• _DESCRIPTION OF THE TASK_:
Search the entries below for "articles", and copy each line where it appears.

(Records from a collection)
───

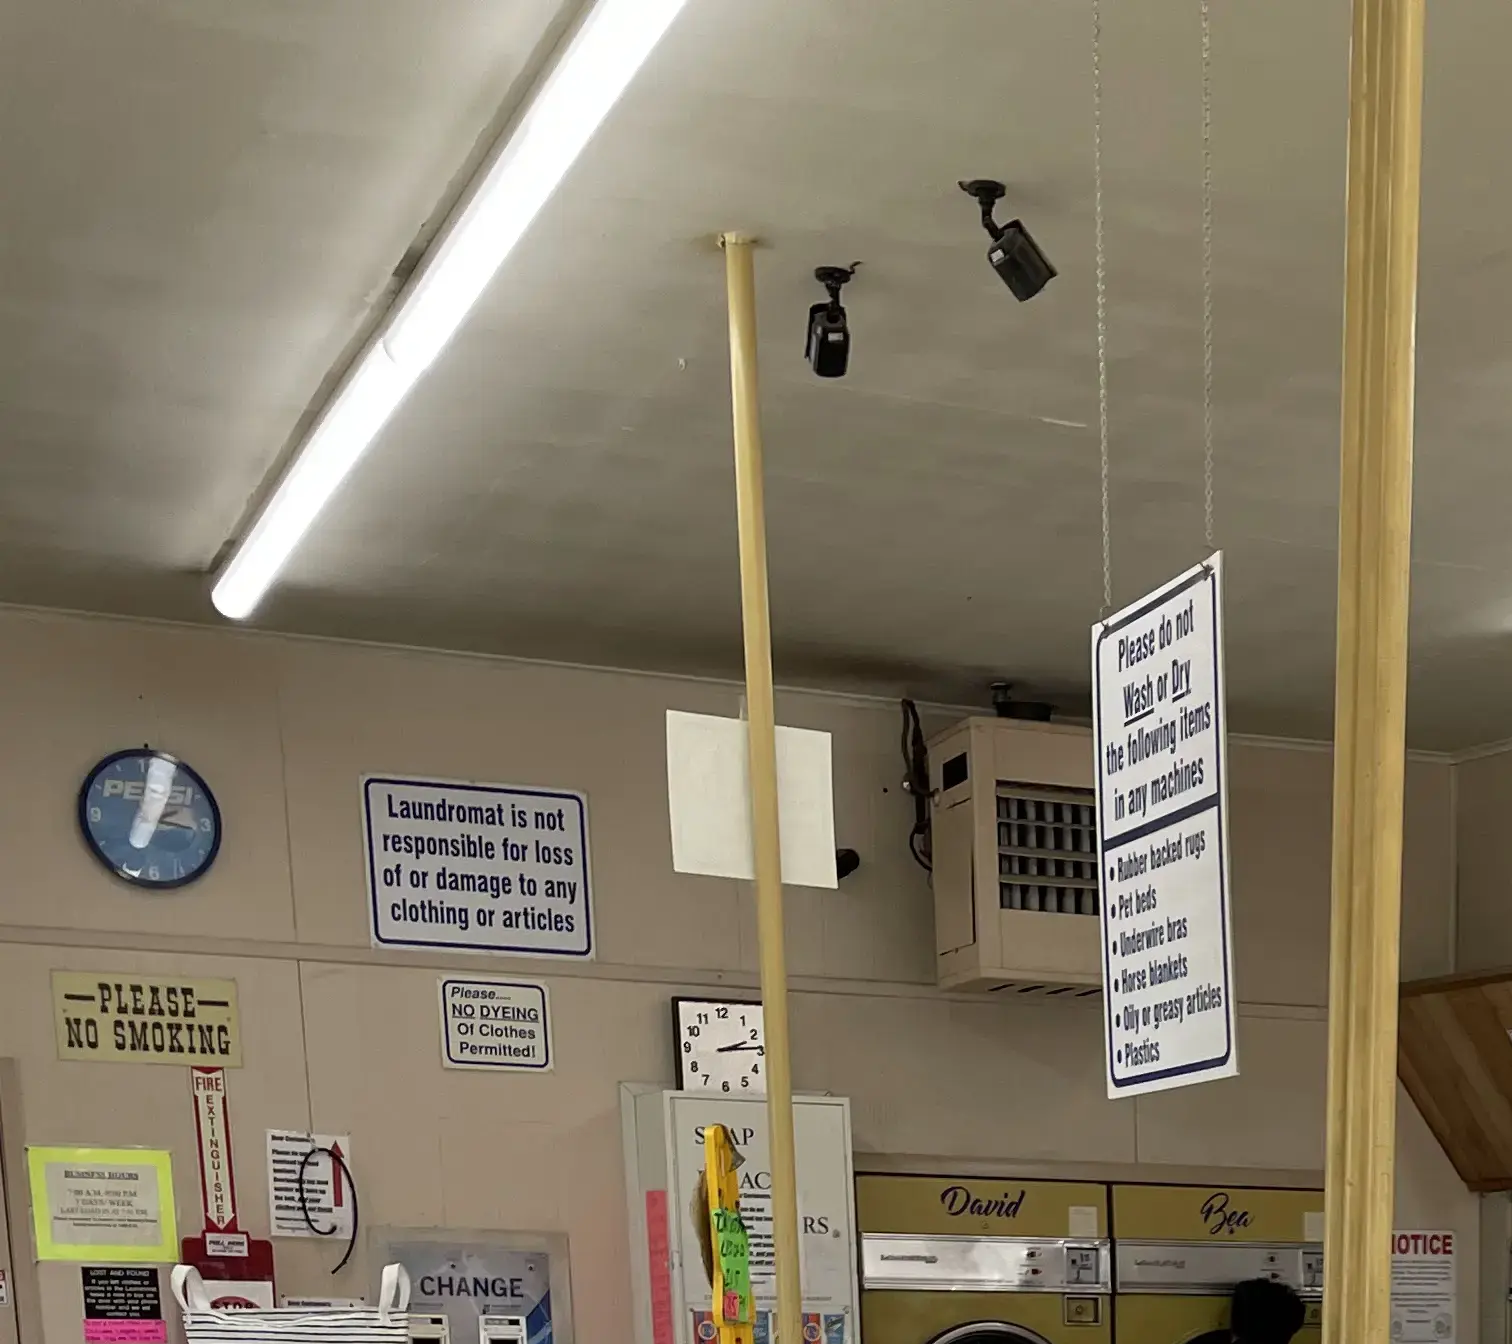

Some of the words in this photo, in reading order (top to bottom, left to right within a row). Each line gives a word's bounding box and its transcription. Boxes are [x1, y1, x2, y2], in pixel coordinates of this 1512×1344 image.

[1118, 627, 1156, 673] Please
[1158, 613, 1173, 651] do
[1175, 599, 1194, 642] not
[1123, 674, 1155, 721] Wash
[1156, 671, 1168, 703] or
[1171, 658, 1192, 697] Dry
[1106, 741, 1125, 777] the
[1127, 717, 1177, 768] following
[1179, 700, 1212, 742] items
[102, 779, 194, 806] PESI
[1114, 787, 1126, 822] in
[1128, 783, 1148, 818] any
[1150, 756, 1205, 807] machines
[387, 793, 505, 828] Laundromat
[511, 803, 528, 829] is
[534, 808, 565, 832] not
[382, 832, 496, 861] responsible
[502, 837, 529, 863] for
[535, 840, 574, 866] loss
[1117, 850, 1149, 883] Rubber
[1150, 831, 1184, 871] backed
[1185, 829, 1206, 861] rugs
[383, 863, 402, 888] of
[409, 867, 429, 889] or
[436, 866, 512, 899] damage
[519, 872, 538, 897] to
[544, 878, 578, 905] any
[391, 898, 470, 931] clothing
[476, 907, 496, 927] or
[502, 906, 575, 932] articles
[1118, 891, 1134, 921] Pet
[1135, 883, 1157, 915] beds
[1119, 920, 1165, 958] Underwire
[1166, 915, 1188, 943] bras
[1121, 963, 1147, 995] Horse
[1148, 952, 1189, 987] blankets
[97, 982, 197, 1018] PLEASE
[451, 1003, 475, 1019] NO
[480, 1004, 540, 1022] DYEING
[715, 1007, 729, 1019] 12
[1141, 1005, 1151, 1027] or
[1153, 995, 1184, 1031] greasy
[1186, 982, 1223, 1016] articles
[457, 1022, 475, 1036] Of
[479, 1023, 537, 1040] Clothes
[687, 1025, 700, 1037] 10
[697, 1013, 709, 1024] 11
[740, 1015, 746, 1026] 1
[65, 1016, 99, 1050] NO
[113, 1019, 231, 1056] SMOKING
[683, 1041, 691, 1053] 9
[749, 1028, 758, 1040] 2
[459, 1041, 536, 1059] Permitted!
[1124, 1037, 1161, 1069] Plastics
[690, 1060, 699, 1073] 8
[701, 1074, 710, 1086] 7
[751, 1063, 759, 1075] 4
[195, 1076, 223, 1091] FIRE
[721, 1081, 730, 1093] 6
[740, 1076, 749, 1088] 5
[694, 1126, 754, 1146] SAP
[205, 1093, 226, 1225] EXTINGUISHER
[940, 1186, 1026, 1218] David
[1200, 1192, 1255, 1234] Bea
[1391, 1234, 1453, 1255] OTICE
[420, 1276, 524, 1298] CHANGE

───

• _YOUR RESPONSE_:
[502, 906, 575, 932] articles
[1186, 982, 1223, 1016] articles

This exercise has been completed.